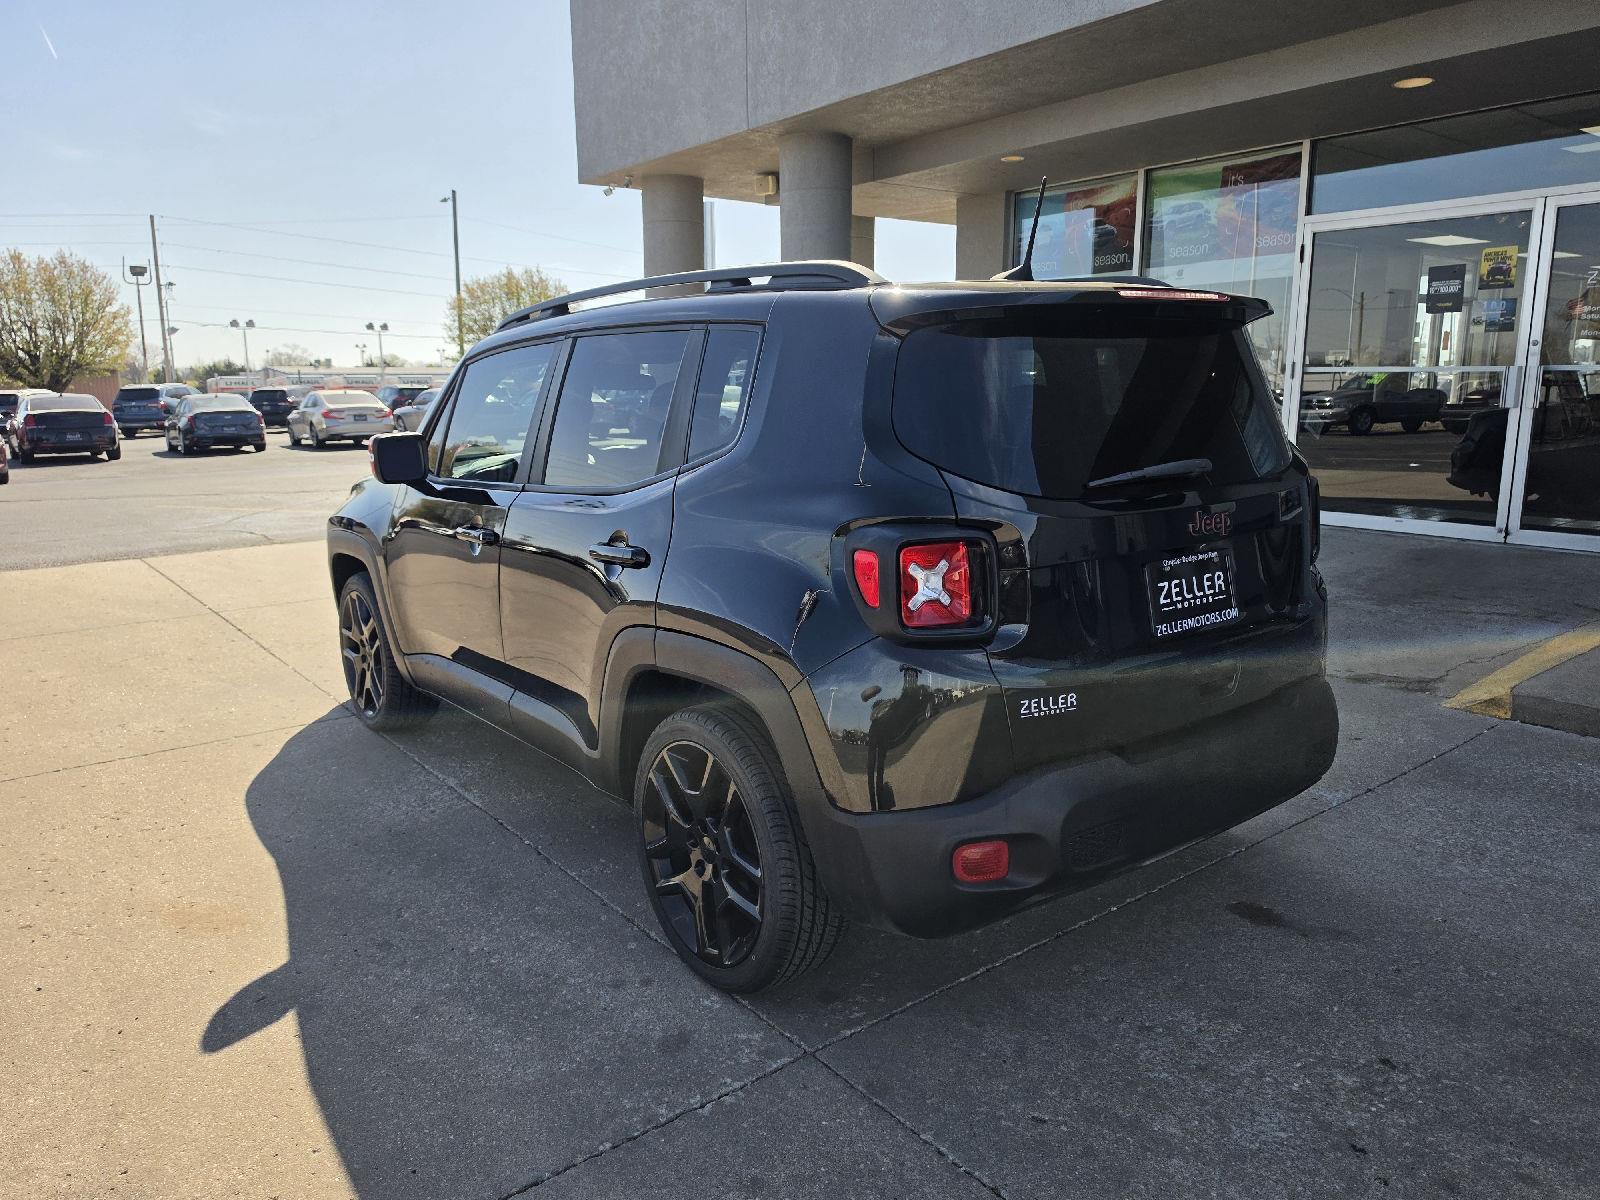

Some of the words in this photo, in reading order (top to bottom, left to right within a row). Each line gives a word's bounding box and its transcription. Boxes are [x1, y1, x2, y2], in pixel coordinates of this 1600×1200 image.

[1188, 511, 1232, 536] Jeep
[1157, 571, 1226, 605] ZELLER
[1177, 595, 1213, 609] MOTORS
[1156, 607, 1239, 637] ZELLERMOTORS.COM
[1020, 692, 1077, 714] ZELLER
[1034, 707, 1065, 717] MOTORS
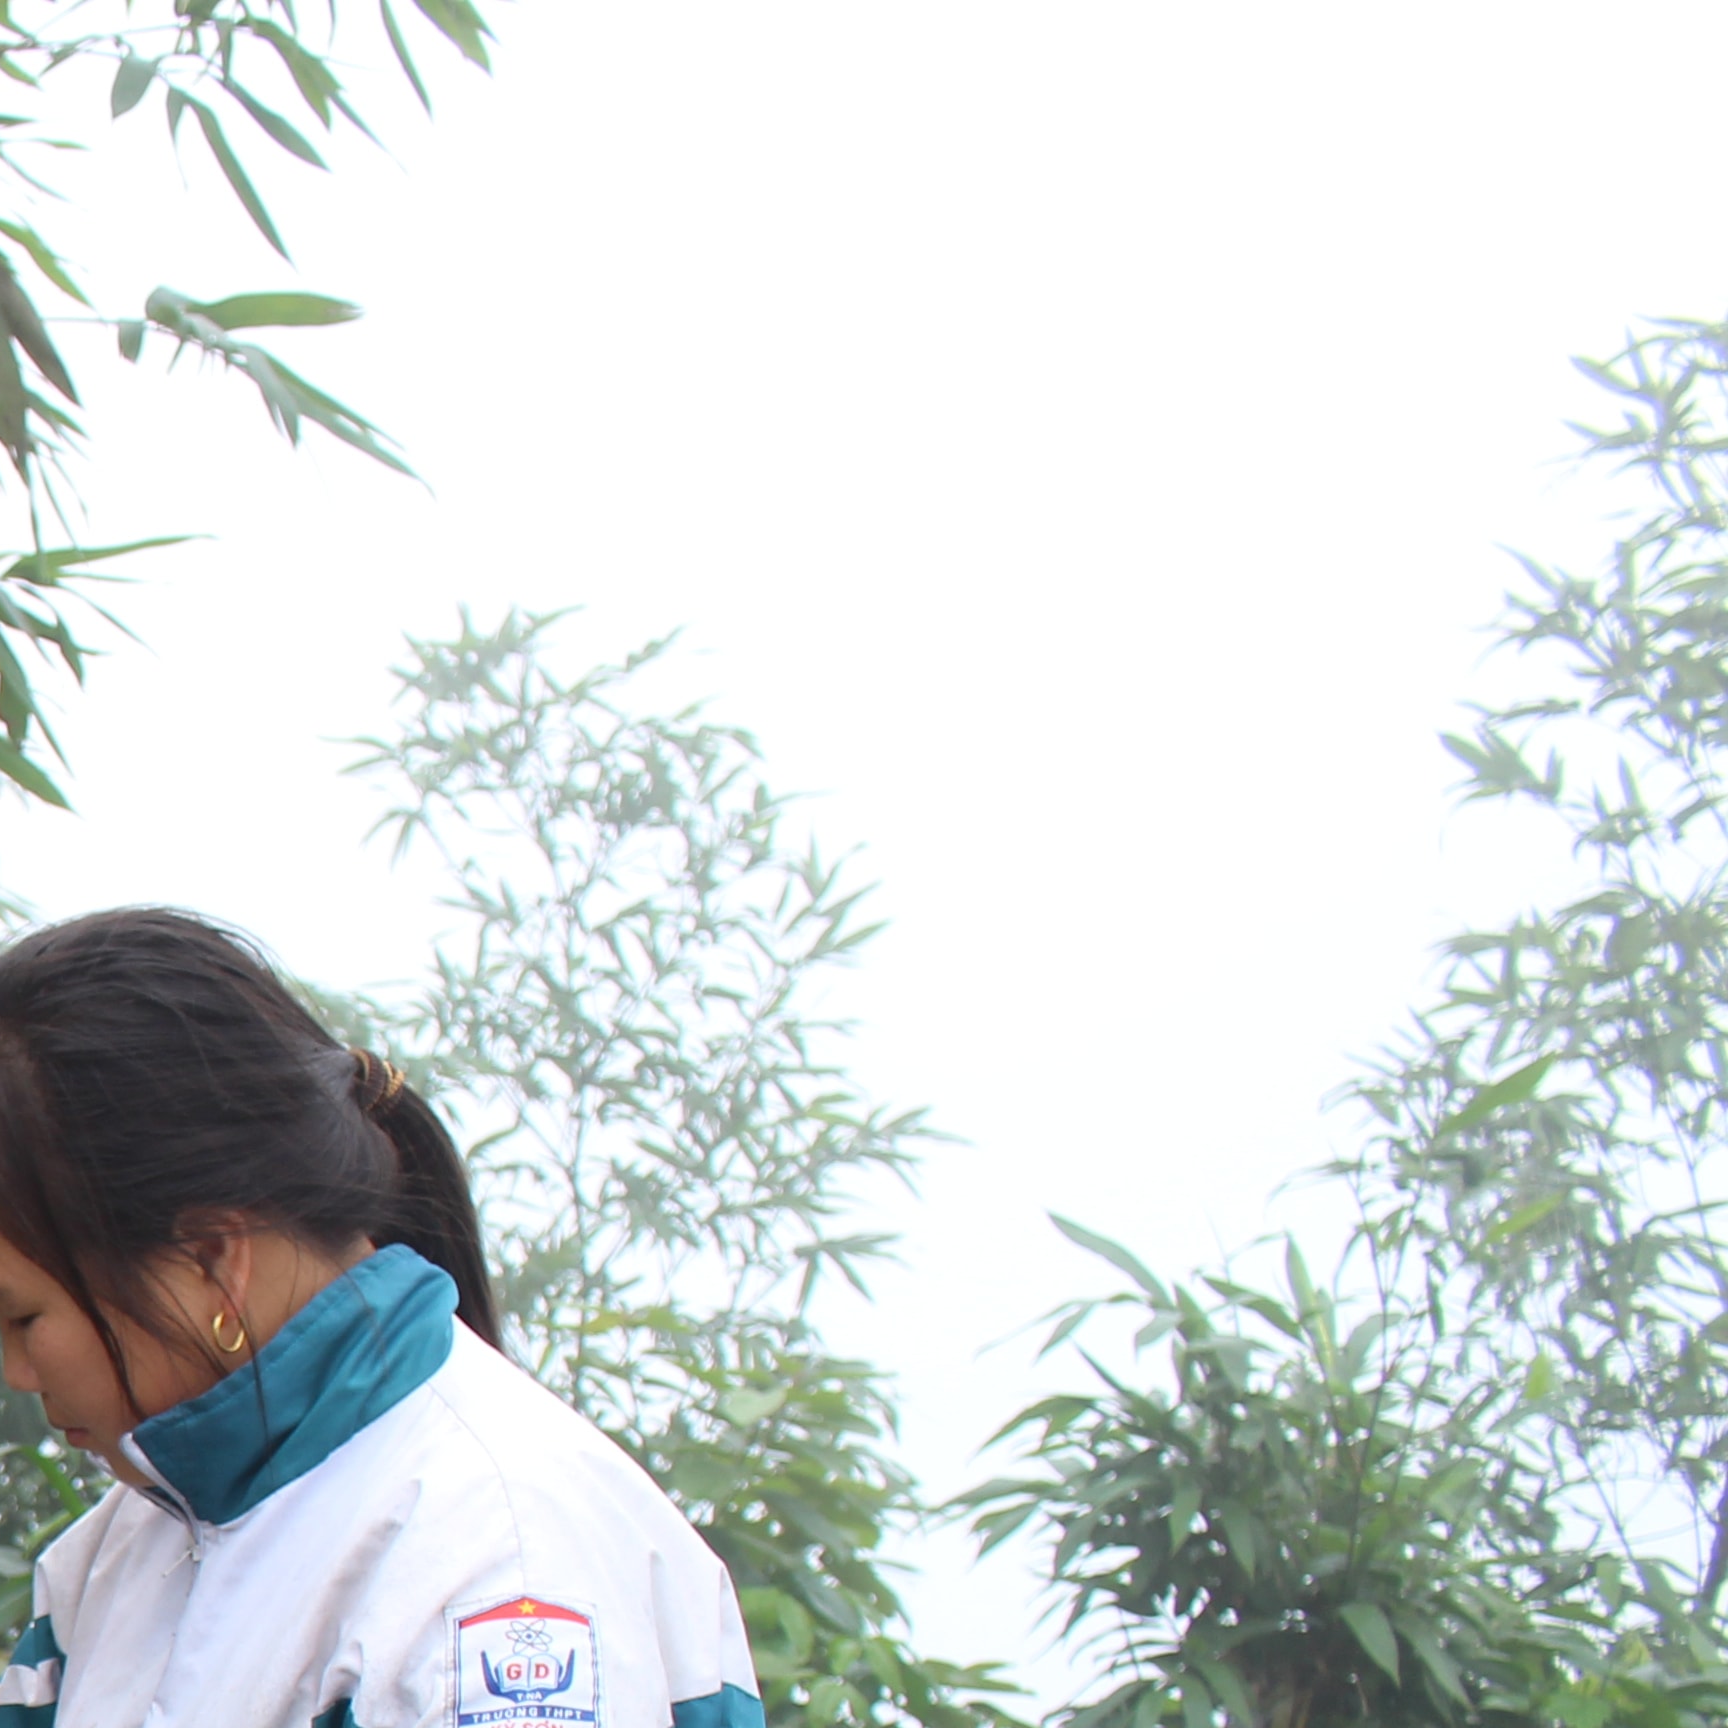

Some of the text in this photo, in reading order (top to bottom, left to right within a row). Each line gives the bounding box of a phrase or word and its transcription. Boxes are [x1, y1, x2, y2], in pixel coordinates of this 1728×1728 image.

━━━━━━━━

__Exercise__
Only the pictures may be dropped when you copy the data above; everything else stays exact.

__Problem solution__
Some of the words in this photo, in reading order (top to bottom, left to right within a row). Each line gives a word's bounding box and its transcription. Boxes are [x1, y1, x2, y2], in pixel coordinates of this 1600×1200 image.

[1188, 511, 1232, 536] Jeep
[1157, 571, 1226, 605] ZELLER
[1177, 595, 1213, 609] MOTORS
[1156, 607, 1239, 637] ZELLERMOTORS.COM
[1020, 692, 1077, 714] ZELLER
[1034, 707, 1065, 717] MOTORS

Some of the text in this photo, in reading order (top to bottom, left to right within a row). Each line gives the bounding box of a phrase or word and its transcription. Boxes are [x1, y1, x2, y2], in pixel coordinates of this 1728×1728 image.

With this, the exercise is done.